I doubt it frankly.  I think the institutional church is crashing on the rocks of sexual issues just as an Irish poet early in the twentieth century predicted it would.  We shall see.  I wish Pope Francis well and pray for him to move on from condemnations of birth control and homosexuality and women’s rights that are so embedded in the rigid Catholic codex.  But I am not holding my breath.

The handwriting is on the wall, however.  With ever growing numbers of young adults rejecting homophobia, there are going to be fewer and fewer practicing Christians in churches that endorse it.  Was it 95 parishes that the diocese of New York shut down this past year?  Better start looking for more after this overcharged response to a court decision based on justice, common sense and today’s science.

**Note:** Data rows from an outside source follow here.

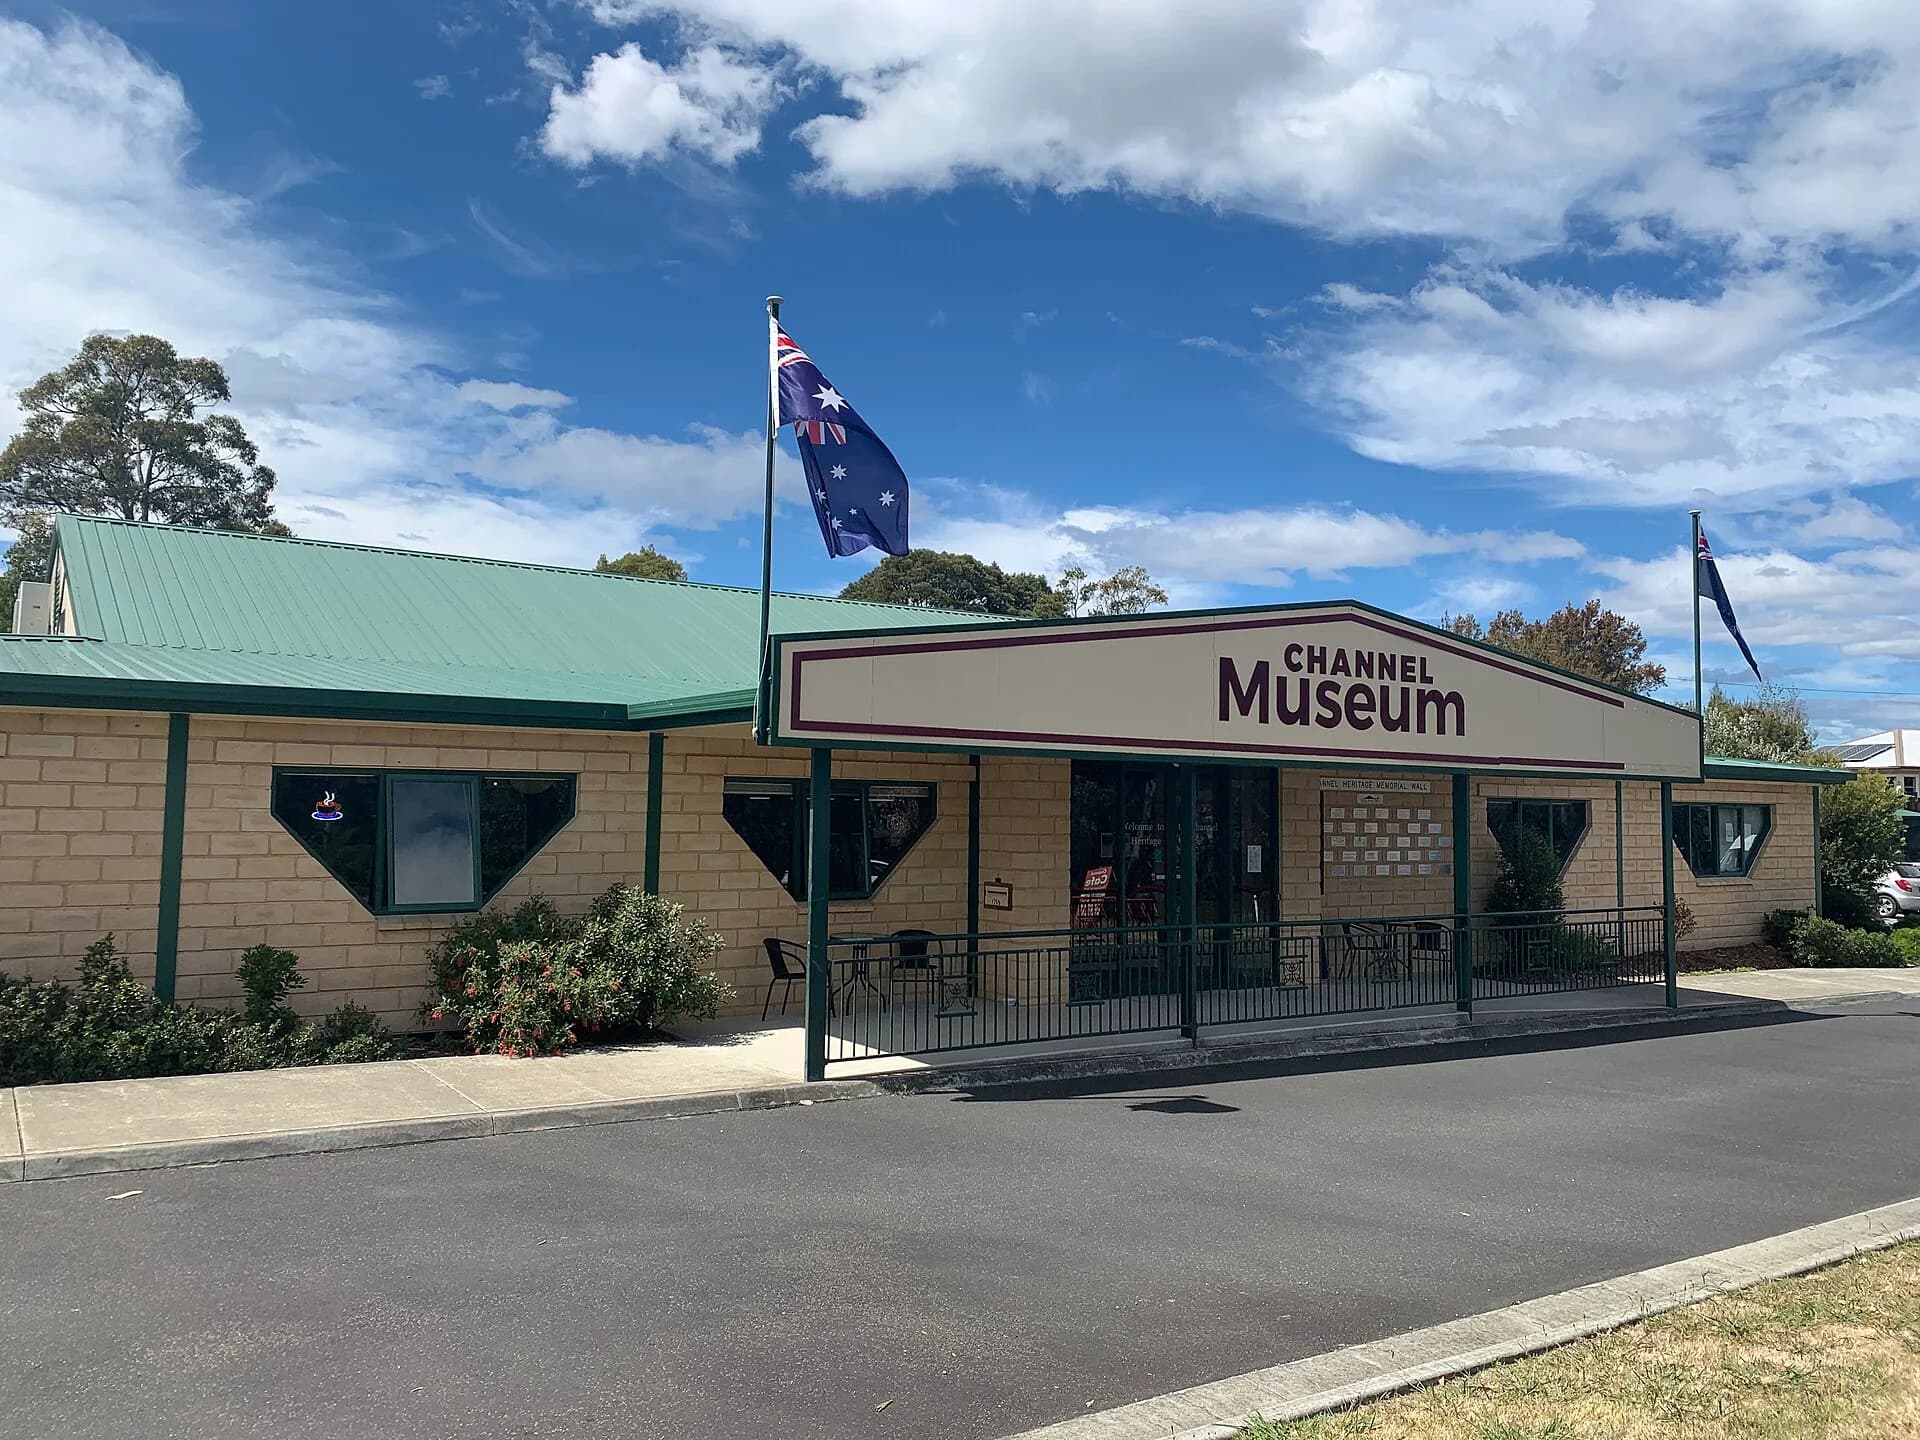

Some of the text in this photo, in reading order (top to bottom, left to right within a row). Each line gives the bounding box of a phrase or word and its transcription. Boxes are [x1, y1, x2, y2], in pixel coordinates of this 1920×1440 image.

[1284, 643, 1434, 684] CHANNEL
[1219, 657, 1466, 736] Museum
[1342, 780, 1373, 789] HERITAGE
[1376, 781, 1408, 790] MEMORIAL
[1411, 783, 1429, 791] WALL
[1157, 823, 1165, 831] to
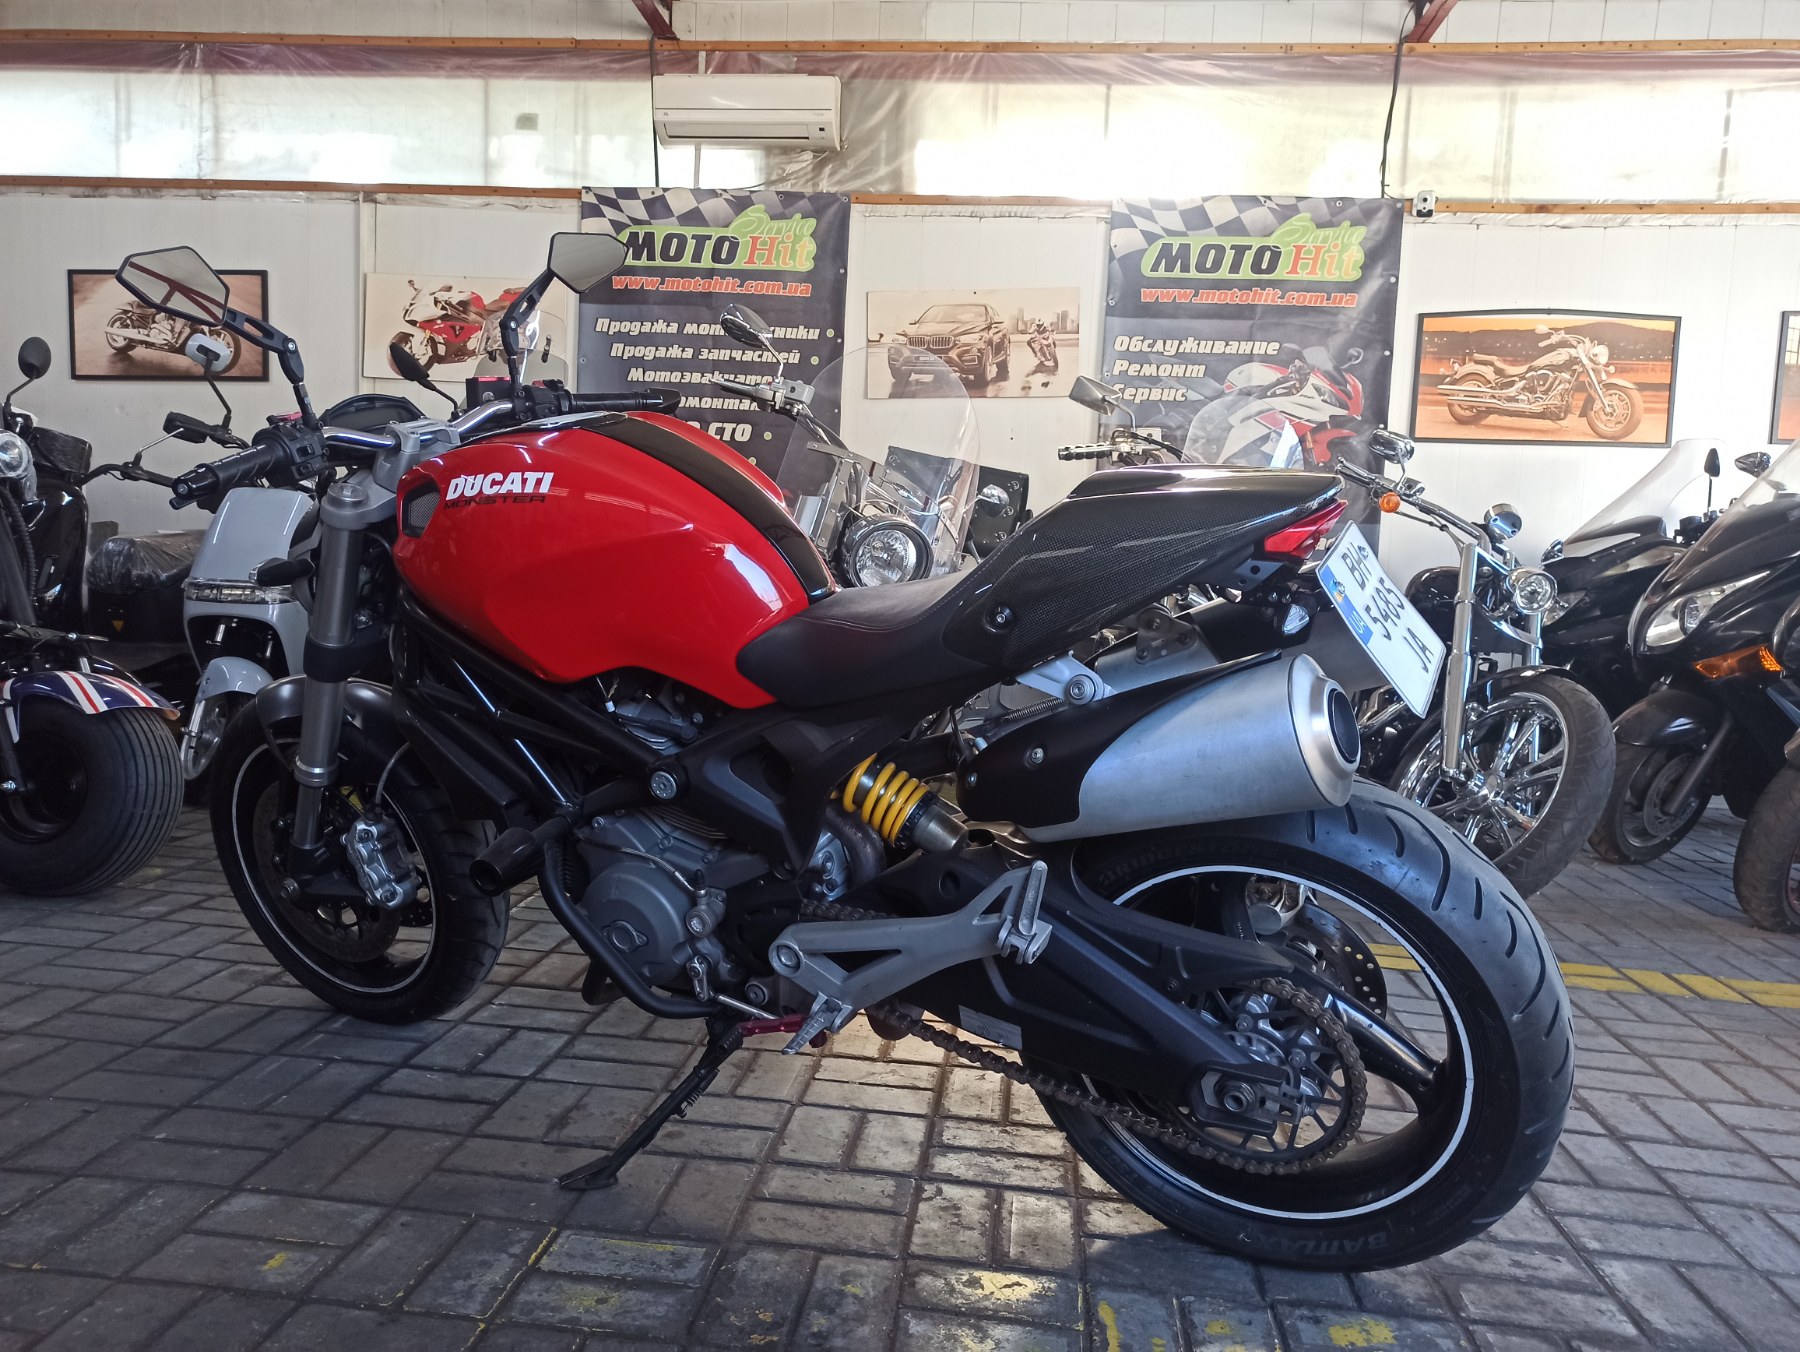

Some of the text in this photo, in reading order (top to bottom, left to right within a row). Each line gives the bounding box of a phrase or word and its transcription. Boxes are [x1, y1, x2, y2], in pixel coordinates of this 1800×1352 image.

Let everyone not wrapped in tired and disproven doctrines about sex rid themselves of anti-scientific dogmas and be free.  The law of grace, not of fear, can now blow freely.  Let us all celebrate—including those who care deeply about heterosexual marriage.  Now you have a whole new community trying to do what you so dearly say you desire: Keep marriage an alive institution.  Why not choose to help homosexuals be the best lovers and best married couples they can be—that would be a religious—or at least spiritual--commitment worth pursuing.

 

The Arc of the Moral Universe Is Long,  But It Bends Toward Justice

I was among the many people profoundly moved by President Barack Obama's quoting the prophetic words of the Rev. Dr. Martin Luther King, Jr., amidst jubilant celebrations that marriage equality is now the law of the land. My Bible says "God is love"--not that God is exclusively heterosexual love.  SCOTUS, lo and behold!, has got it right this time and many thinking people the world over will celebrate this expansion of love that is being acknowledged around the planet.

The love that is celebrated in gay marriage is society’s love, not just that of man to man or woman to woman. We all profit from faithful love whether such joy be lived out in heterosexual or homosexual contexts. Indeed, rather than “threatening” heterosexual marriage, I would predict that gay marriage will help resuscitate a dying institution because it is bringing joy back and gratitude for love from a segment of the population that has been denied it for so long. All marriage will prosper from gay marriage.

So let us all rejoice that notions of God is Love; and Justice Matters; and Nature is God’s Doing are happening in a fresh way in the United States. And let us move on to other topics of pressing and genuine moral concern such as the fate of the Earth.